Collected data

____

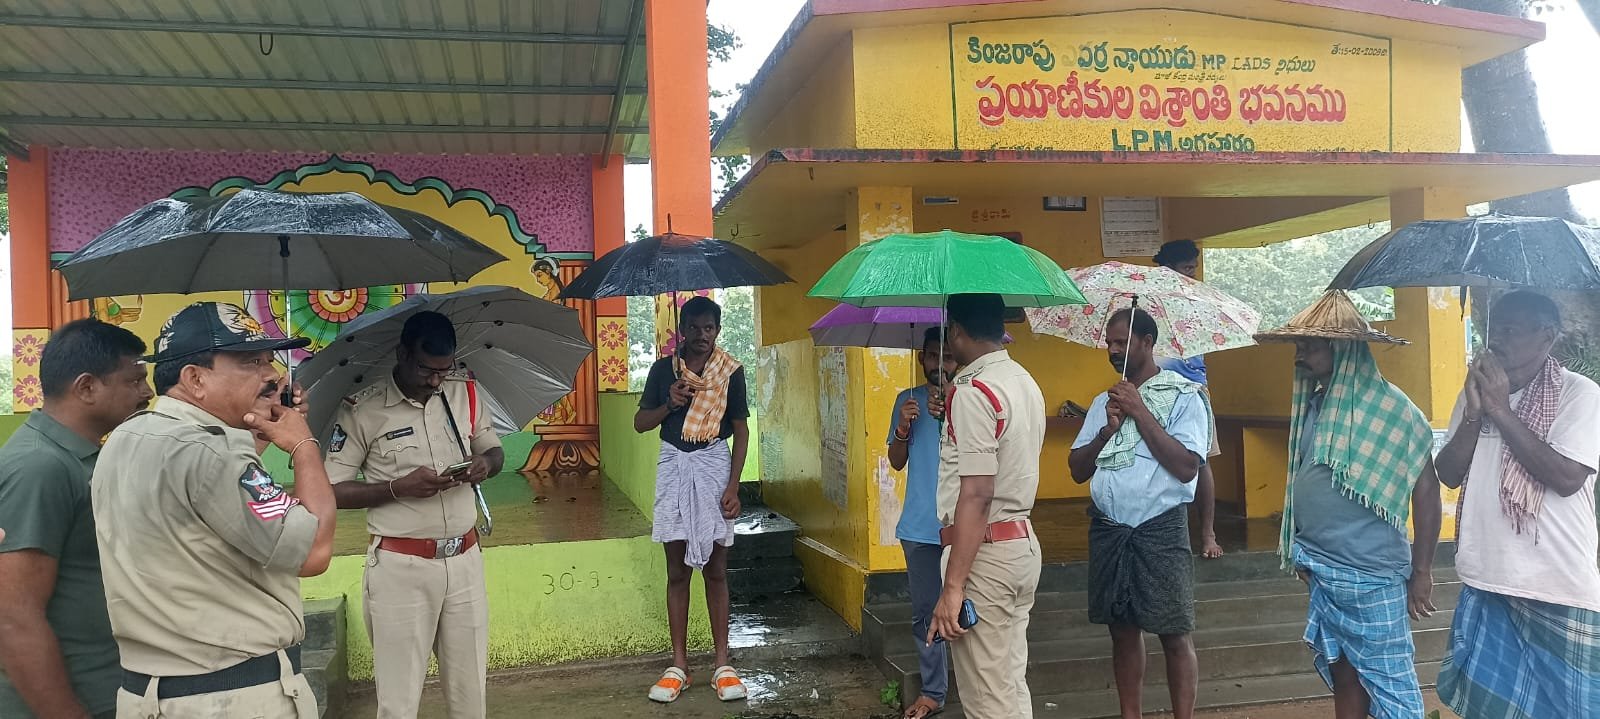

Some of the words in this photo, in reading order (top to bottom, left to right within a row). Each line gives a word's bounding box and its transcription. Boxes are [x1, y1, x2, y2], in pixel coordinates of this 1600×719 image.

[967, 36, 1056, 72] కింజరాపు
[1200, 54, 1227, 71] MP
[1231, 57, 1272, 71] LADS
[976, 70, 1134, 126] ప్రయాణీకుల
[1139, 84, 1232, 127] విశ్రాంతి
[1239, 84, 1347, 125] భవనము
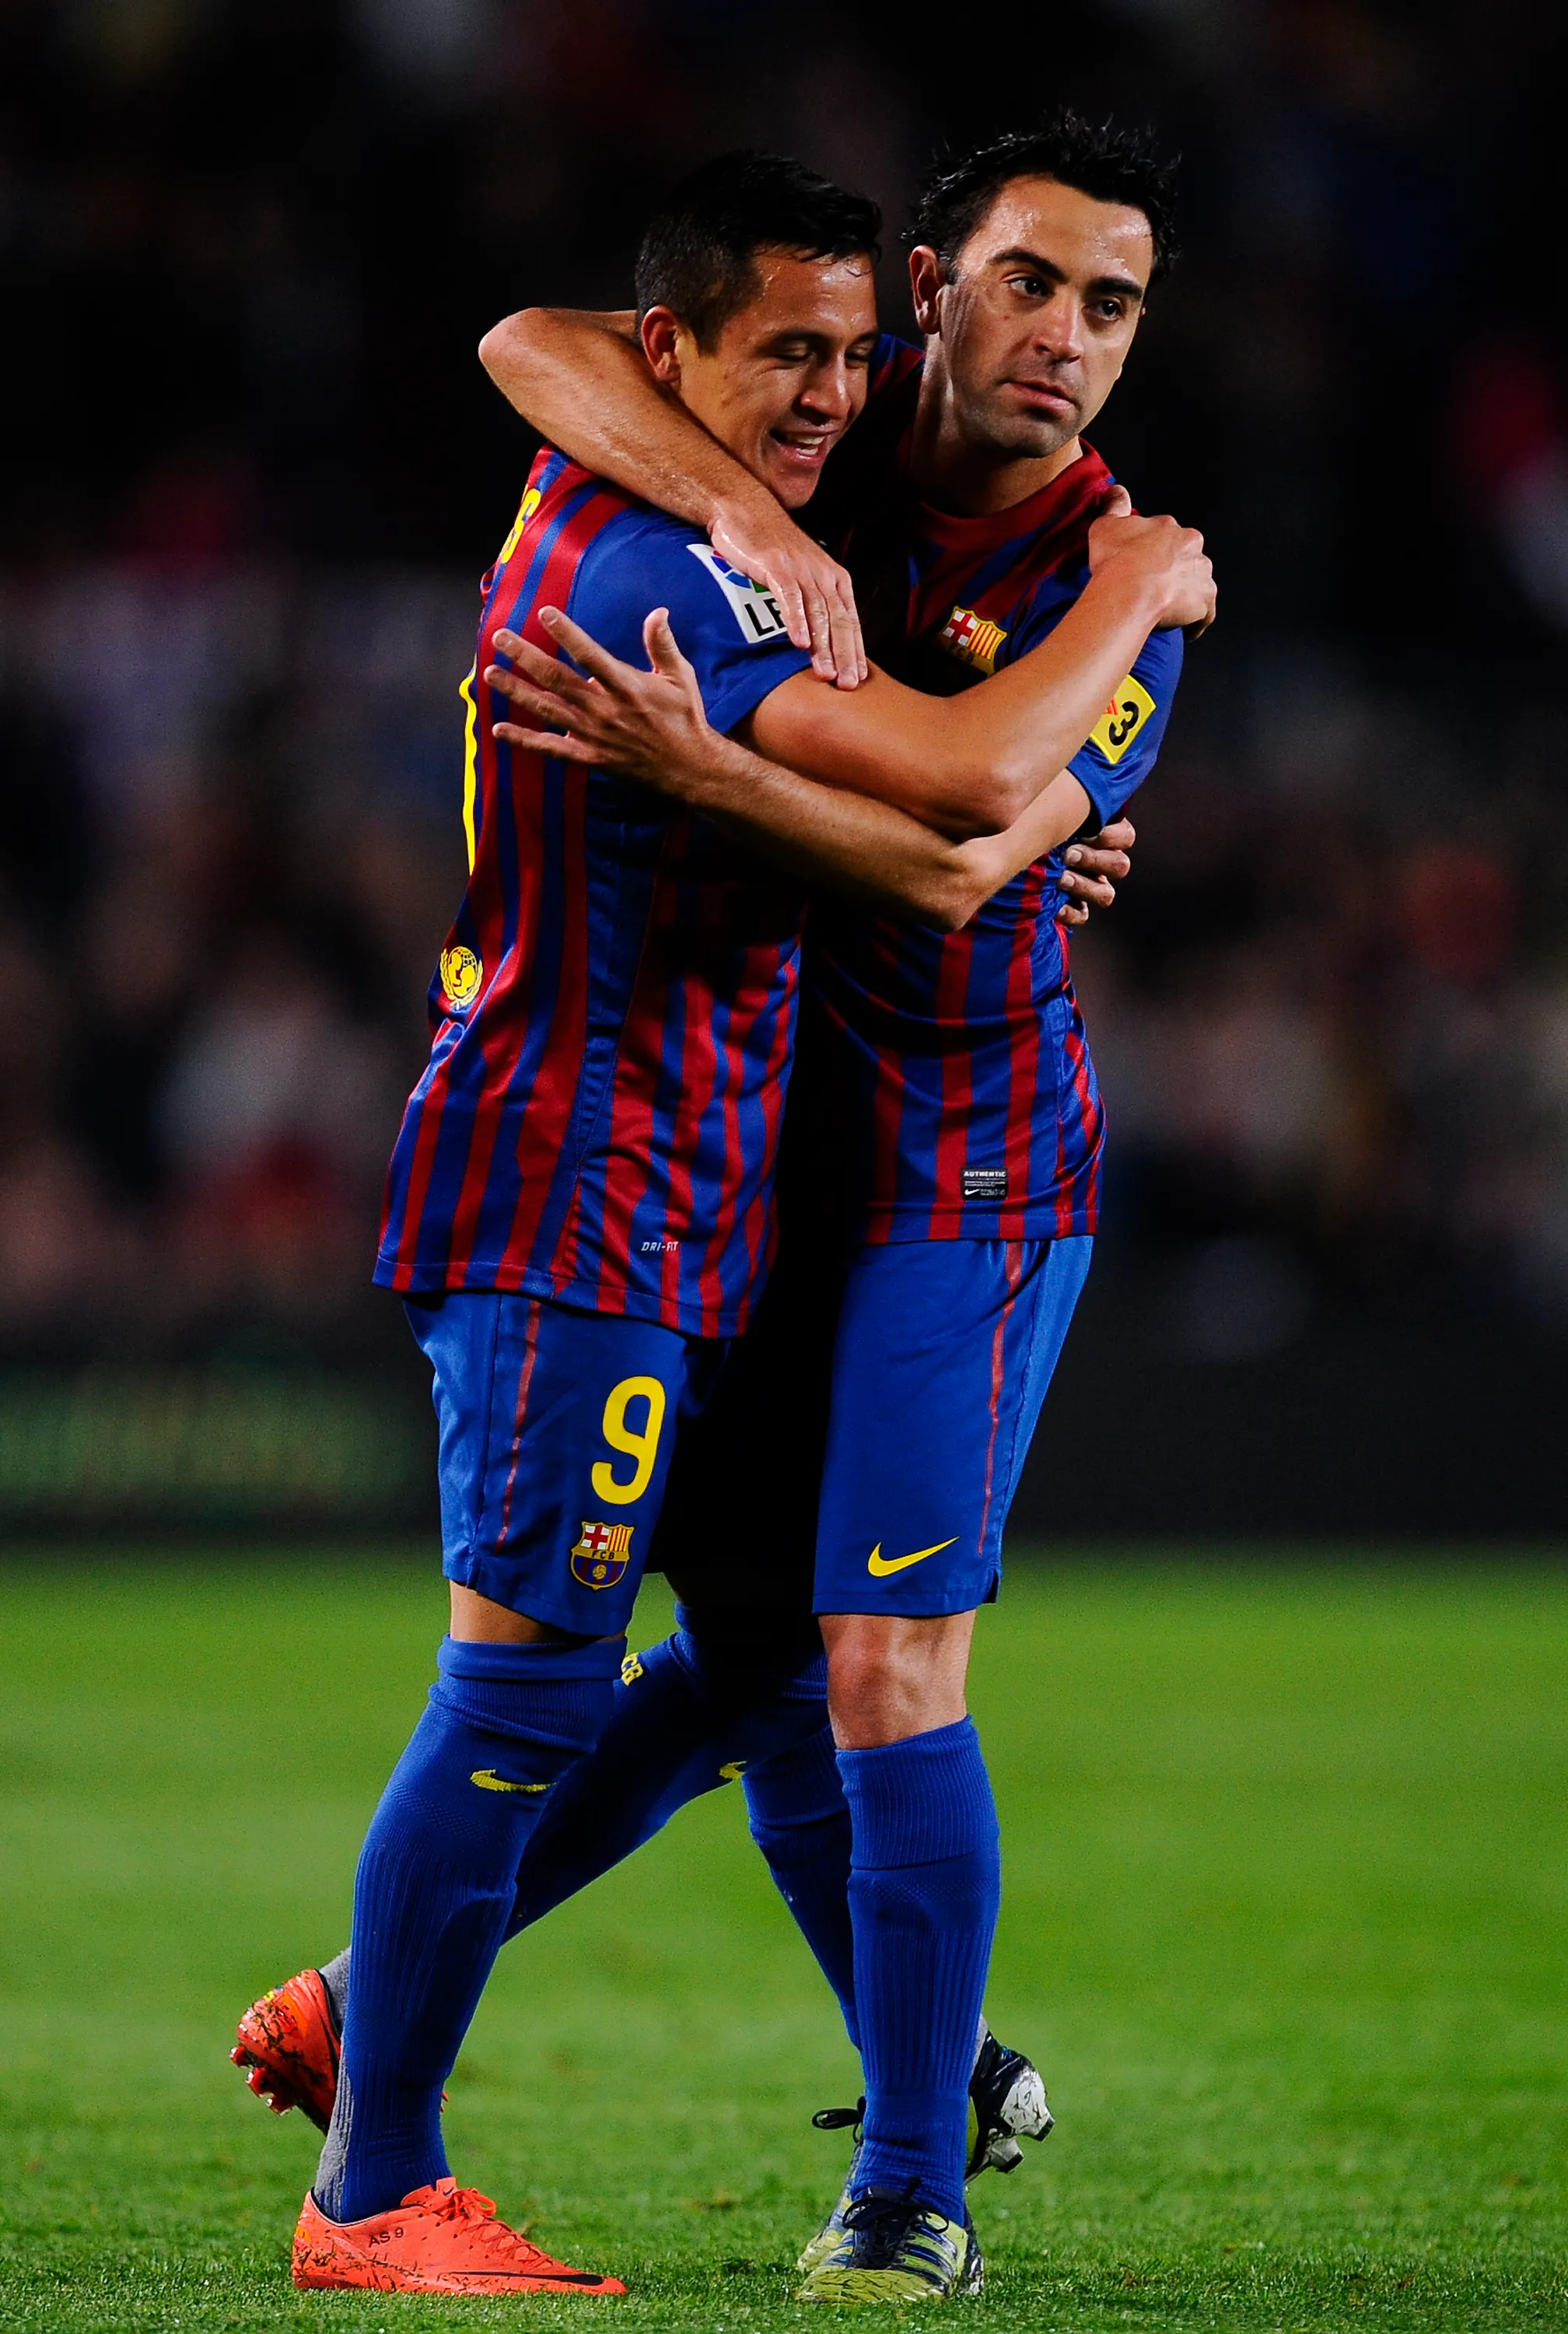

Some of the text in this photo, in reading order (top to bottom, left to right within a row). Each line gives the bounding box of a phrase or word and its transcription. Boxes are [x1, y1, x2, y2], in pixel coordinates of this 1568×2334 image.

[744, 598, 786, 636] LF
[1108, 701, 1139, 746] 3
[641, 1242, 679, 1252] DRI-FIT
[591, 1376, 666, 1505] 9
[591, 1550, 615, 1560] FCB
[369, 2227, 404, 2248] AS 9

____

** To do **
All of the entries above need to be repeated exactly, minus the pictures.

** Answer section **
Some of the words in this photo, in reading order (top to bottom, left to right within a row). Each line gives a word's bounding box and its transcription. Boxes are [x1, y1, x2, y2], in pixel coordinates of this 1600×719 image.

[967, 36, 1056, 72] కింజరాపు
[1200, 54, 1227, 71] MP
[1231, 57, 1272, 71] LADS
[976, 70, 1134, 126] ప్రయాణీకుల
[1139, 84, 1232, 127] విశ్రాంతి
[1239, 84, 1347, 125] భవనము

Some of the text in this photo, in reading order (top to bottom, left to right within a row). Each line gives the bounding box of a phrase or word and its transcription. Boxes are [x1, y1, x2, y2], in pixel coordinates of this 1568×2334 image.

[744, 598, 786, 636] LF
[1108, 701, 1139, 746] 3
[641, 1242, 679, 1252] DRI-FIT
[591, 1376, 666, 1505] 9
[591, 1550, 615, 1560] FCB
[369, 2227, 404, 2248] AS 9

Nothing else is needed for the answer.